### Your instructions
Return the records below exactly; pictures stay out.

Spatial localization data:

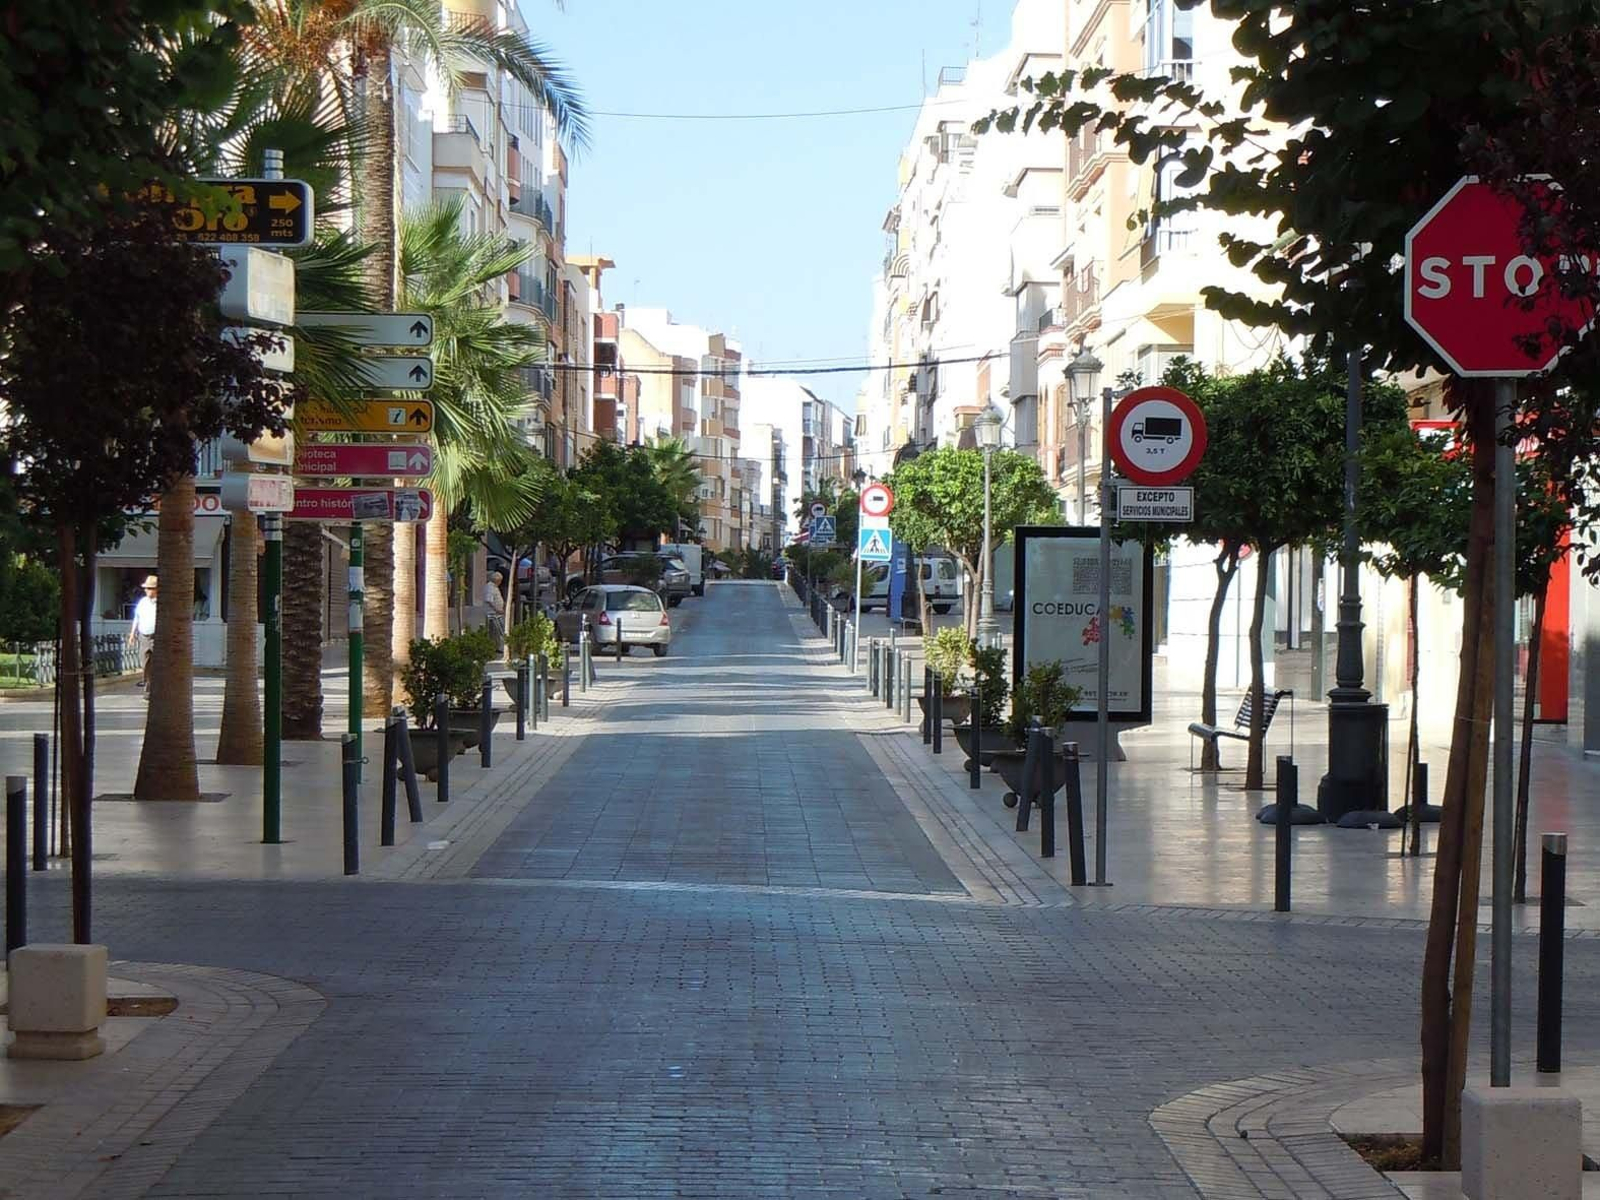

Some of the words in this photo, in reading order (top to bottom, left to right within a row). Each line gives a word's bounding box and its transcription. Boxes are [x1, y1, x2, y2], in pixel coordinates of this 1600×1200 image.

[270, 218, 294, 228] 250
[270, 229, 294, 238] mts
[299, 461, 337, 473] nicipal
[295, 498, 318, 508] ntro
[320, 496, 354, 508] histór
[1137, 491, 1175, 502] EXCEPTO
[1122, 505, 1151, 517] SERVICIOS
[1152, 506, 1188, 517] MUNICIPALES
[1032, 602, 1101, 616] COEDUC

### Answer for the task
Some of the words in this photo, in reading order (top to bottom, left to right within a row). Each line gives a word's bounding box and its transcription. Boxes are [x1, y1, x2, y2], in pixel coordinates of this 1600×1200 image.

[270, 218, 294, 228] 250
[270, 229, 294, 238] mts
[299, 461, 337, 473] nicipal
[295, 498, 318, 508] ntro
[320, 496, 354, 508] histór
[1137, 491, 1175, 502] EXCEPTO
[1122, 505, 1151, 517] SERVICIOS
[1152, 506, 1188, 517] MUNICIPALES
[1032, 602, 1101, 616] COEDUC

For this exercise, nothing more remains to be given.